De morelen hadden een absoluut vertrouwen in de Grote Visser. De Grote Visser die de bakens verzette en het tij keerde, wiens netten werden gevreesd en bejubeld. De school was gewend aan de kentering van het tij, vooruit zwemmen en dan weer terug, dat was goed en juist. Zij dachten dat ze tegen de bovenstroom opzwommen, maar in werkelijkheid dreven zij op de onderstroom. Vol minachting keken ze naar de morelen van klasse A, die naar alle kanten zwommen. De morelen wilden hoog zwemmen in eigen zee en alleen voor de haaien hadden ze ontzag.
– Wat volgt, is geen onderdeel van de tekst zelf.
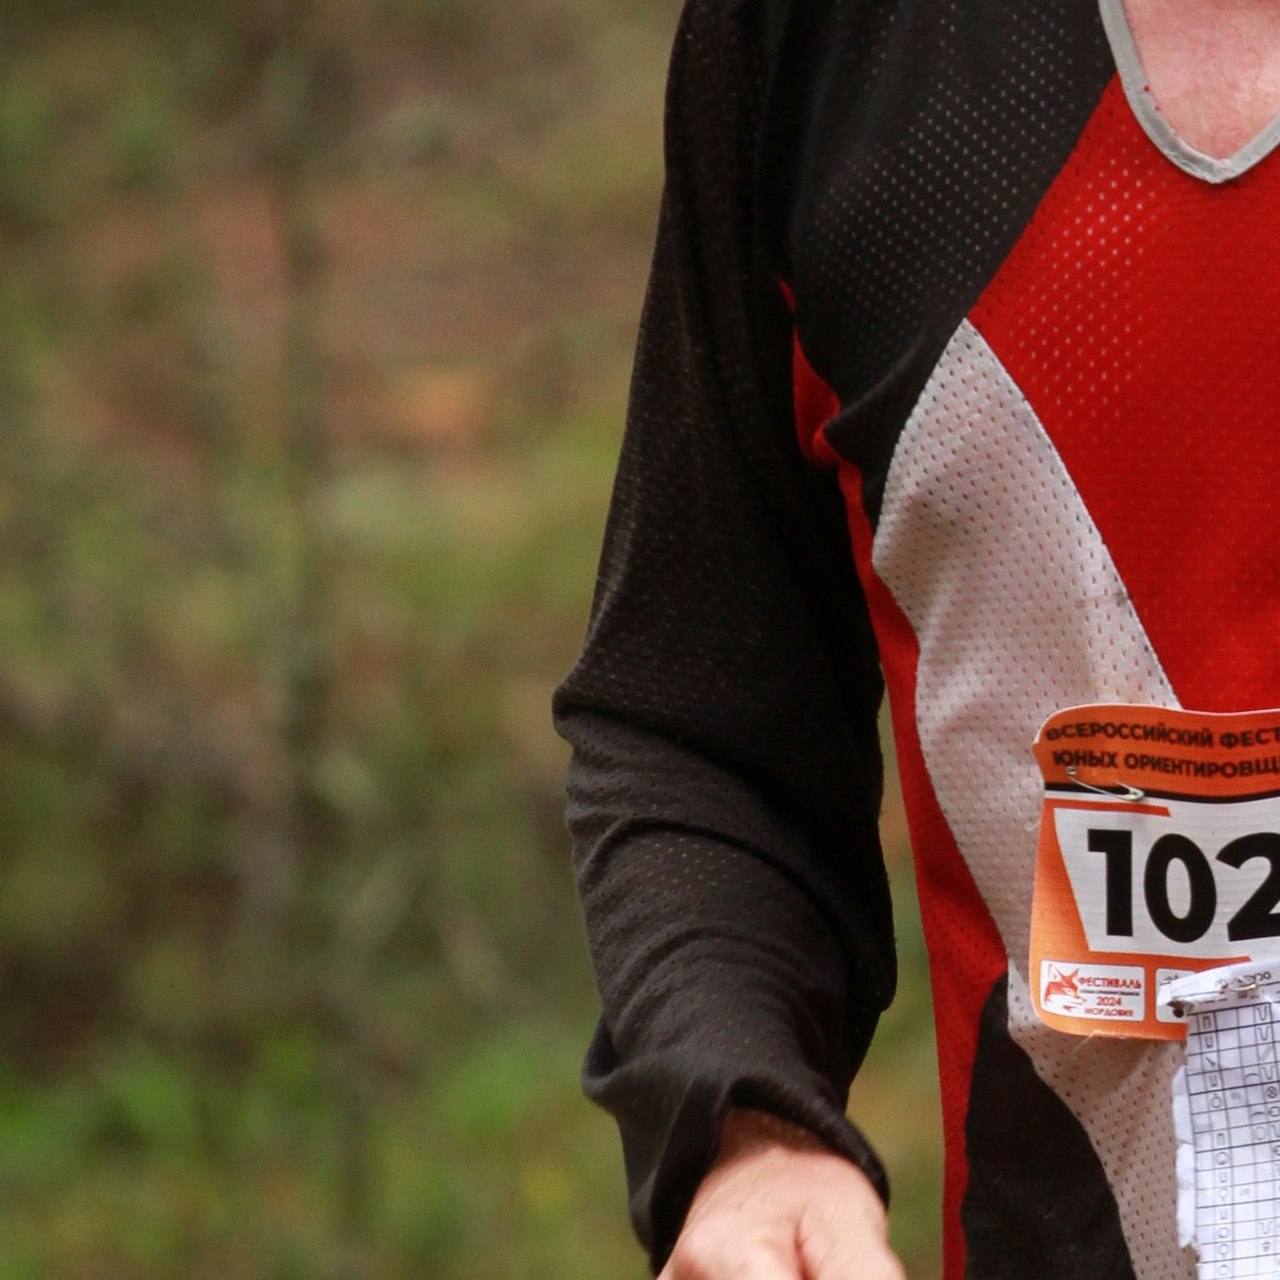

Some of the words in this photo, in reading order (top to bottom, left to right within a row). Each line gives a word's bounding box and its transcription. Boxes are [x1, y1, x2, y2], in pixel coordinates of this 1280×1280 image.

De sidderalen, die in de loop der tijden hun zee binnengedreven waren, vonden ze opzichtig en hinderlijk. Door de eeuwen heen hadden de morelen manoeuvres ontwikkeld waardoor de sidderalen in de fuiken zwommen.
‘Dat,’ beweerden de morelen, ‘vinden zij het prettigst.’
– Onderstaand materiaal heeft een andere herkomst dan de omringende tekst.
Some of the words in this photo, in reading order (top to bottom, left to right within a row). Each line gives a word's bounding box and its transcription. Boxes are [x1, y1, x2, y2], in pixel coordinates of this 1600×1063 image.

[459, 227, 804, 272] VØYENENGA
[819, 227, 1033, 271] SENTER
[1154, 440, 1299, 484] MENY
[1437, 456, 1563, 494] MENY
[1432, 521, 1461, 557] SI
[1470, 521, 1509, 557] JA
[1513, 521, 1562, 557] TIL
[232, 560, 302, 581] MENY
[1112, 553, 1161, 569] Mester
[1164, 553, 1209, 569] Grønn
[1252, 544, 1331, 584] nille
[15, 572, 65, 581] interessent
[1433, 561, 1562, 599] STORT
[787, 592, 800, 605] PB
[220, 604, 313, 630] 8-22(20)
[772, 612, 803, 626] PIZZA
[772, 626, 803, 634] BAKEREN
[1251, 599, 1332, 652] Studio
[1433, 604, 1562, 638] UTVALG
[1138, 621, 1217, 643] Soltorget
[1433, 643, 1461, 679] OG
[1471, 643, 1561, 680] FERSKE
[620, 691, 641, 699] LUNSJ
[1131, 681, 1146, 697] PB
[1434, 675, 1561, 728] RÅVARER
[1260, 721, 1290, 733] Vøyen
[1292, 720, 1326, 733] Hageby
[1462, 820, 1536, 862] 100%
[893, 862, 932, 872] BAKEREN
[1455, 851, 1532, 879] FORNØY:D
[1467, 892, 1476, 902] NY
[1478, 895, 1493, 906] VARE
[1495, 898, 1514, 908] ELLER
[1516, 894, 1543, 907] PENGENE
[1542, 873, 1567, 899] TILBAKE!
‘Onzin,’ riep het mor-aaltje bewogen, ‘de zee is groot, ook de sidderaal moet kunnen zwemmen.’ Ze hield vurige toespraken over licht en lucht en vrijzwemmen voor allen en veroorzaakte beroering. Had zij met haar vlijmscherpe bek de fuiken kapotgebeten?
Nu de sidderalen bevrijd waren, verschoof hun elektrische geladenheid de onderstroom. Waren het vroeger alleen de morelen van klasse A geweest die alle kanten opzwommen, nu raakte ook de fatsoenlijkste moreel van de juiste koers. De morelen kwamen in zwaar zwemwater terecht en de school dreef uiteen.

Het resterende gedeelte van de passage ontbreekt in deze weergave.